Be that as it may, as a German-Turkish Muslim citizen in Germany, I see and experience in myriad ways that the question of whether someone legitimately belongs – the question of the symbolic "us" and "them", the either/or option – is all the more controversial. As a result, I find myself in situations every day where I have to justify or twist my belongingness in order to belong and to be able to take part in social life with as few barriers as possible.
Under pressure to negotiate
In my day-to-day life, I adapt to the familiar question regarding my ethnic roots by providing information about my German–Turkish origins before swiftly asking the person with whom I am speaking about his or her ethnic origins and those of his/her parents and grandparents.
In most cases, the person generally responds after a few seconds of confusion either with an anecdote from a holiday spent in beautiful Turkey, which confirms my belongingness to Turkey, or with an irritated and angry dismissal of my question, which really only stems from my natural curiosity and my desire to get to know the other person.
Other Muslim women are also under great pressure to negotiate their identity in everyday situations.

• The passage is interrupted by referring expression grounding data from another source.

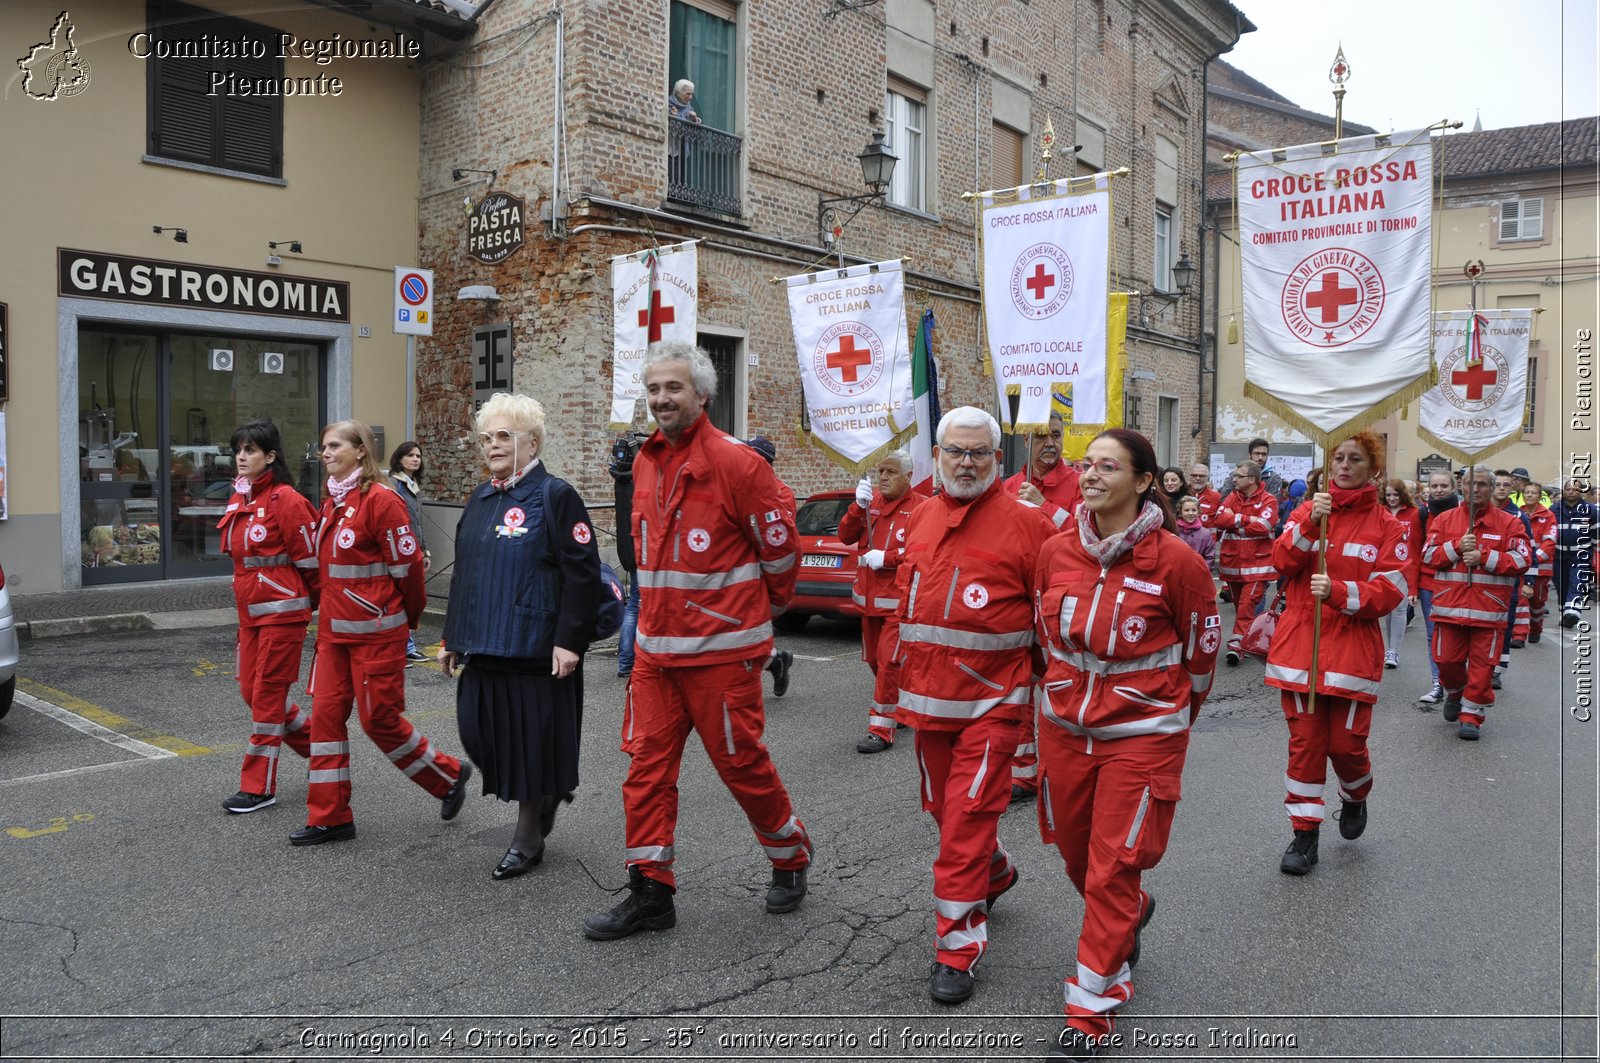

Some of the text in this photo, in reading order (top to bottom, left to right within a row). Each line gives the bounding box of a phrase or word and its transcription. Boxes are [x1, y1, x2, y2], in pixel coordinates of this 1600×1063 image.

[1252, 160, 1418, 199] CROCE ROSSA
[990, 204, 1098, 228] CROCE ROSSA ITALIANA
[1280, 189, 1386, 222] ITALIANA
[470, 206, 520, 234] PASTA
[1253, 216, 1417, 245] COMITATO PROVINCIALE DI TORINO
[470, 228, 521, 252] FRESCA
[482, 252, 493, 260] DAL
[70, 258, 342, 316] GASTRONOMIA
[616, 284, 638, 310] CROCE
[638, 273, 660, 288] ROSA
[1013, 245, 1072, 316] CONVENZIONE DI GINEVRA 22 AGOSTO 1864
[806, 284, 884, 304] CROCE ROSSA
[1286, 252, 1381, 338] CONVENZIONE DI GINEVRA 22 AGOSTO 1864
[818, 300, 871, 316] ITALIANA
[1490, 328, 1528, 336] ITALIANA
[816, 323, 882, 392] CONVENZIONE DI GINEVRA 22 AGOSTO 1864
[1000, 341, 1083, 356] COMITATO LOCALE
[1002, 362, 1080, 378] CARMAGNOLA
[1026, 386, 1044, 397] (TO)
[812, 405, 856, 418] COMITATO
[824, 416, 886, 432] NICHELINO
[1444, 418, 1498, 428] AIRASCA
[811, 556, 836, 566] 920VZ

For example, Muslim women wearing headscarves who go to job interviews adapt to the doubts people have regarding their headscarves – which are seen as foreign and not very customer friendly – by emphasising to the interviewers how highly trained they are, the fact that they can speak several languages, and the importance of transcultural openness in the face of the current economic and demographic situation. In some cases they even allow other people to touch their headscarves so that they can quite literally grasp that a headscarf really is nothing more than a piece of cloth.
Finally, in order to avoid being disadvantaged as a result of prejudices and to have the chance to demonstrate their skills, they offer to work as interns for a certain amount of time. Either the astonished interviewer accepts the deal or bows to the collective assumption that Muslim women who wear headscarves are incapable of work.
A promising paradigm shift
The recognition by politicians over the past ten years that Germany is a country of immigration is a recognition of the country's social and lived reality and is evidence of a promising paradigm shift. That being said, the time has finally come for people of migrant origin to be recognised as belonging – politically, legally, and symbolically. No ifs, no buts.
This would mean that I would no longer have to react to symbolic boundaries by re-adjusting my belongingness over and over again and by proving that I belong just to be able to take part in society on an equal footing.
At the same time, I wish that the German majority would change its attitude to this issue so that my belongingness is seen as something quite natural and my identification with Germany is simply accepted as a legitimate belonging.
For this to happen, however, majority society would have to rethink its understanding of what legitimately belonging to Germany means and, above all, to really live out this new understanding. After all, migration not only changes the migrant; it also changes the host society. But how far is the host society willing to go to re-invent itself and adapt?